Data items
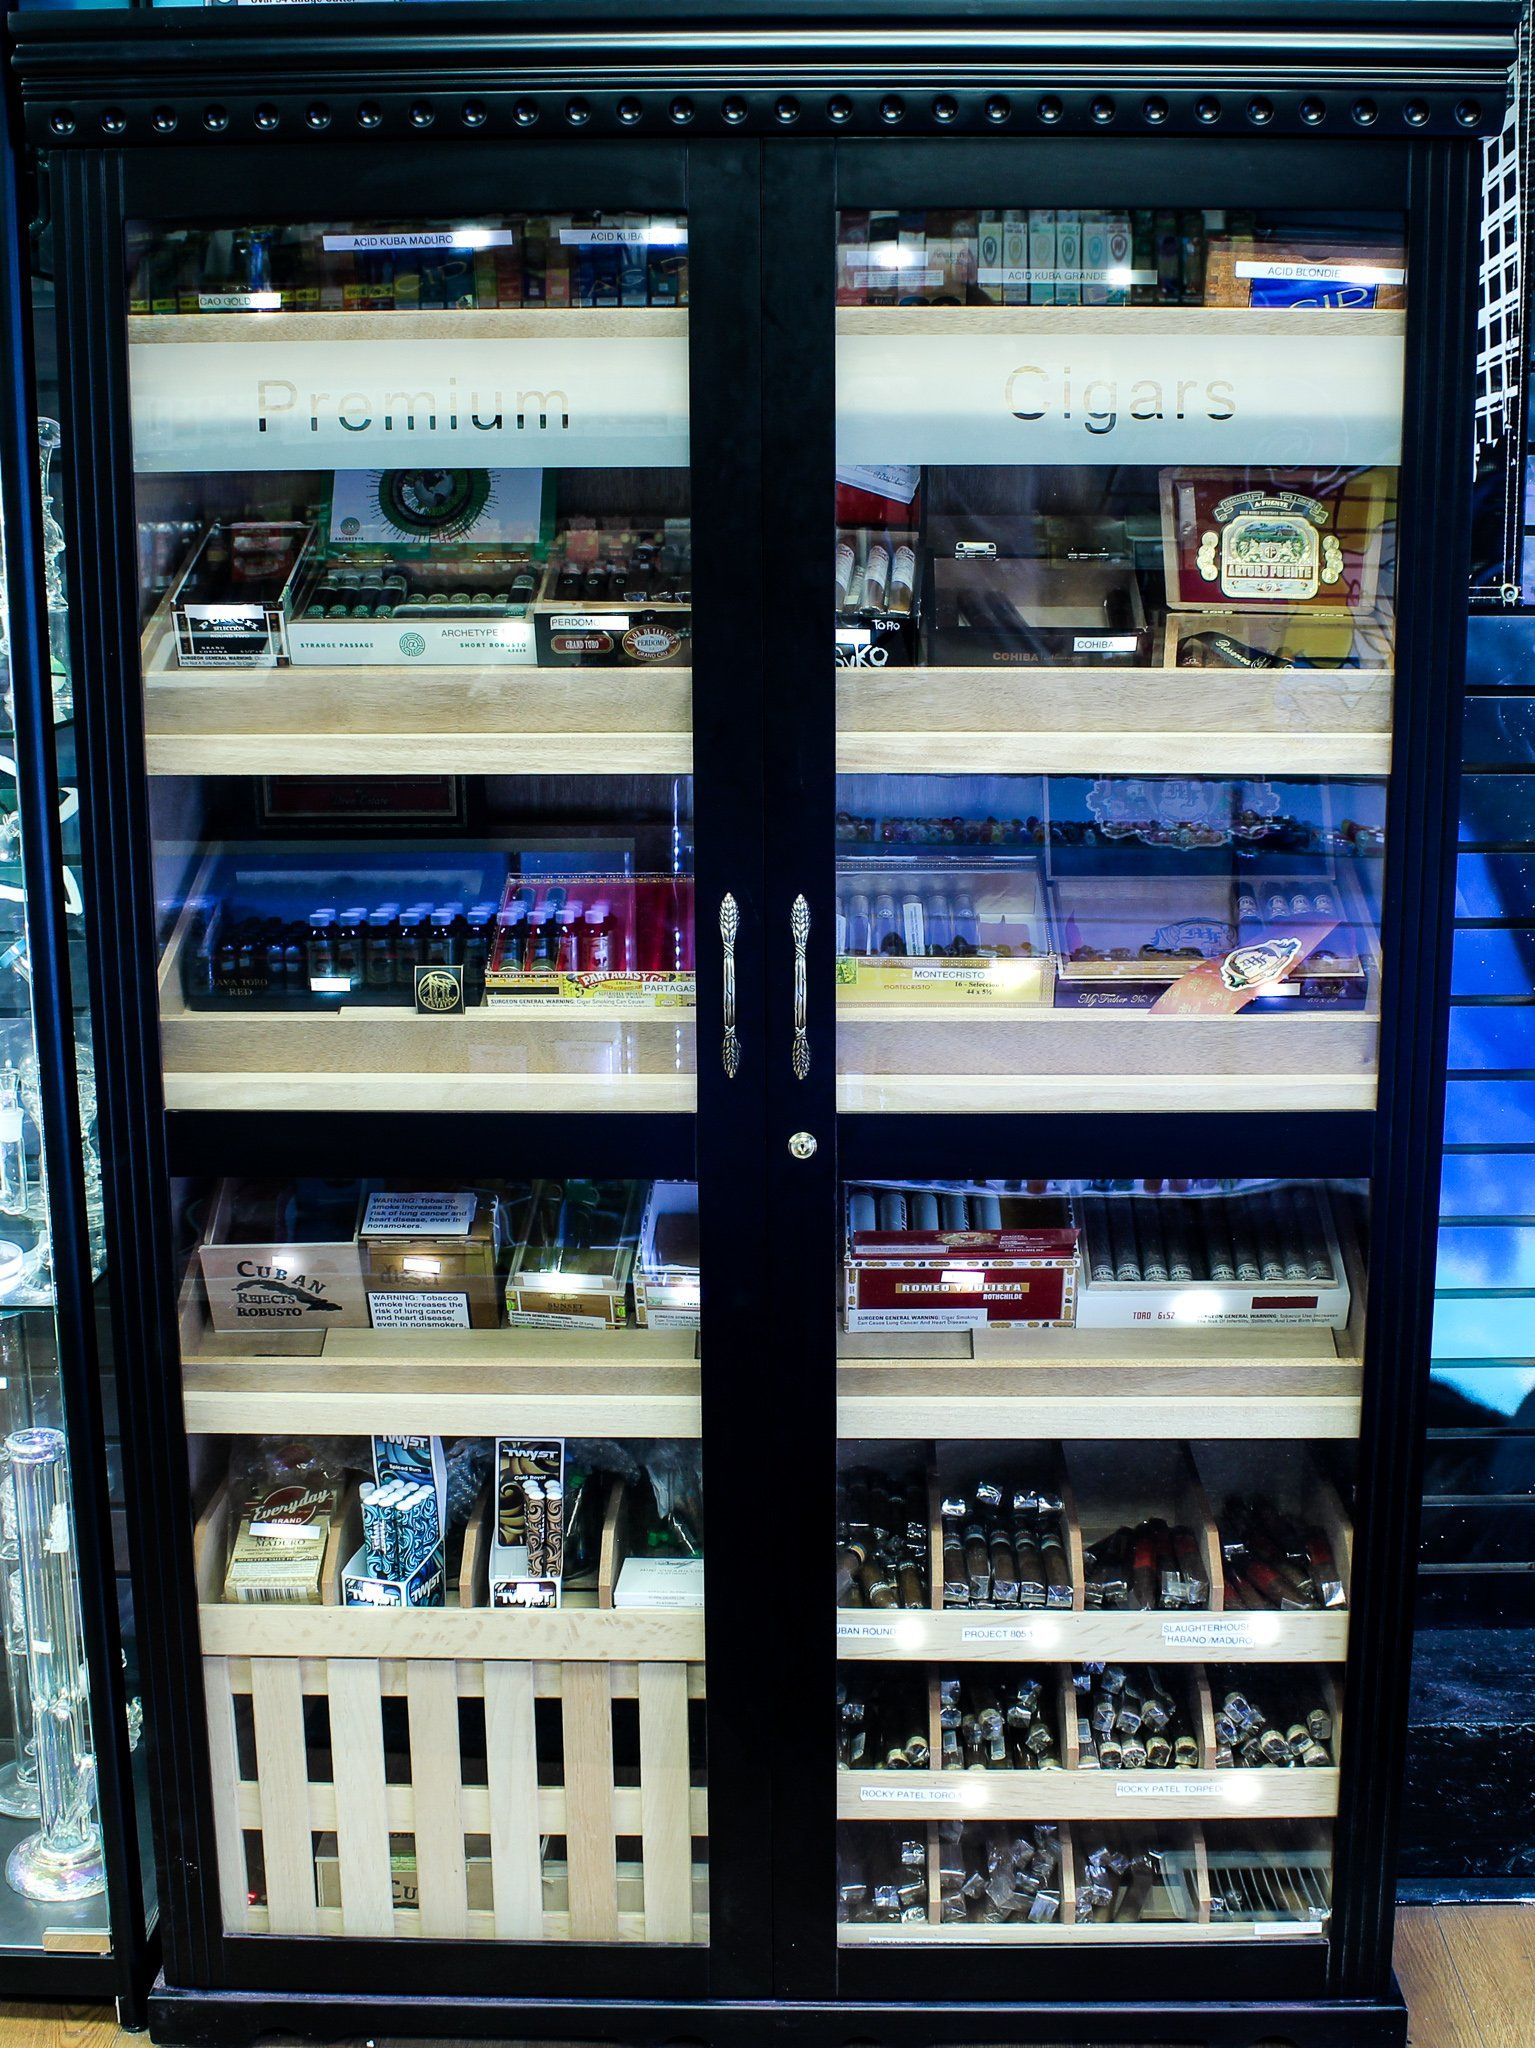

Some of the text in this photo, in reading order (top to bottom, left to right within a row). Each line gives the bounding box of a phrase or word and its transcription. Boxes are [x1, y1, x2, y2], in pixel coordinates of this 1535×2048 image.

[354, 235, 453, 246] ACID KUBA MADURO
[590, 232, 644, 241] ACID KUBA
[1008, 271, 1106, 280] ACID KUBA GRANDE
[1268, 266, 1340, 278] ACID BLONDIE
[200, 296, 251, 306] CAO GOLD
[1004, 365, 1235, 434] Cigars
[257, 377, 570, 432] Premium
[1228, 565, 1312, 578] ARTURO FUENTE
[551, 618, 600, 627] PERDOMO
[872, 619, 900, 631] TORO
[442, 628, 498, 638] ARCHETYPE
[565, 640, 584, 650] GRAND
[1076, 640, 1114, 649] COHIBA
[992, 652, 1038, 662] COHIBA
[914, 970, 984, 980] MONTECRISTO
[229, 988, 253, 996] RED
[644, 984, 696, 993] PARTAGAS
[399, 1210, 418, 1218] lung
[237, 1260, 327, 1294] CUBAN
[902, 1284, 950, 1292] ROMEO
[238, 1293, 296, 1304] REJECTS
[547, 1302, 584, 1310] SUNSET
[236, 1307, 302, 1317] ROBUSTO
[404, 1308, 424, 1316] lung
[1132, 1312, 1152, 1320] TORO
[251, 1488, 330, 1522] Everyday
[964, 1630, 1026, 1638] PROJECT 805
[1167, 1636, 1207, 1644] HABANO
[1117, 1785, 1149, 1793] ROCKY
[1152, 1785, 1180, 1793] PATEL
[862, 1790, 894, 1798] ROCKY
[897, 1790, 926, 1798] PATEL

◆ **About this task**
Once the pictures are removed, return the entries exactly as they stand.

◆ **Task answer**
Some of the text in this photo, in reading order (top to bottom, left to right within a row). Each line gives the bounding box of a phrase or word and its transcription. Boxes are [x1, y1, x2, y2], in pixel coordinates of this 1535×2048 image.

[354, 235, 453, 246] ACID KUBA MADURO
[590, 232, 644, 241] ACID KUBA
[1008, 271, 1106, 280] ACID KUBA GRANDE
[1268, 266, 1340, 278] ACID BLONDIE
[200, 296, 251, 306] CAO GOLD
[1004, 365, 1235, 434] Cigars
[257, 377, 570, 432] Premium
[1228, 565, 1312, 578] ARTURO FUENTE
[551, 618, 600, 627] PERDOMO
[872, 619, 900, 631] TORO
[442, 628, 498, 638] ARCHETYPE
[565, 640, 584, 650] GRAND
[1076, 640, 1114, 649] COHIBA
[992, 652, 1038, 662] COHIBA
[914, 970, 984, 980] MONTECRISTO
[229, 988, 253, 996] RED
[644, 984, 696, 993] PARTAGAS
[399, 1210, 418, 1218] lung
[237, 1260, 327, 1294] CUBAN
[902, 1284, 950, 1292] ROMEO
[238, 1293, 296, 1304] REJECTS
[547, 1302, 584, 1310] SUNSET
[236, 1307, 302, 1317] ROBUSTO
[404, 1308, 424, 1316] lung
[1132, 1312, 1152, 1320] TORO
[251, 1488, 330, 1522] Everyday
[964, 1630, 1026, 1638] PROJECT 805
[1167, 1636, 1207, 1644] HABANO
[1117, 1785, 1149, 1793] ROCKY
[1152, 1785, 1180, 1793] PATEL
[862, 1790, 894, 1798] ROCKY
[897, 1790, 926, 1798] PATEL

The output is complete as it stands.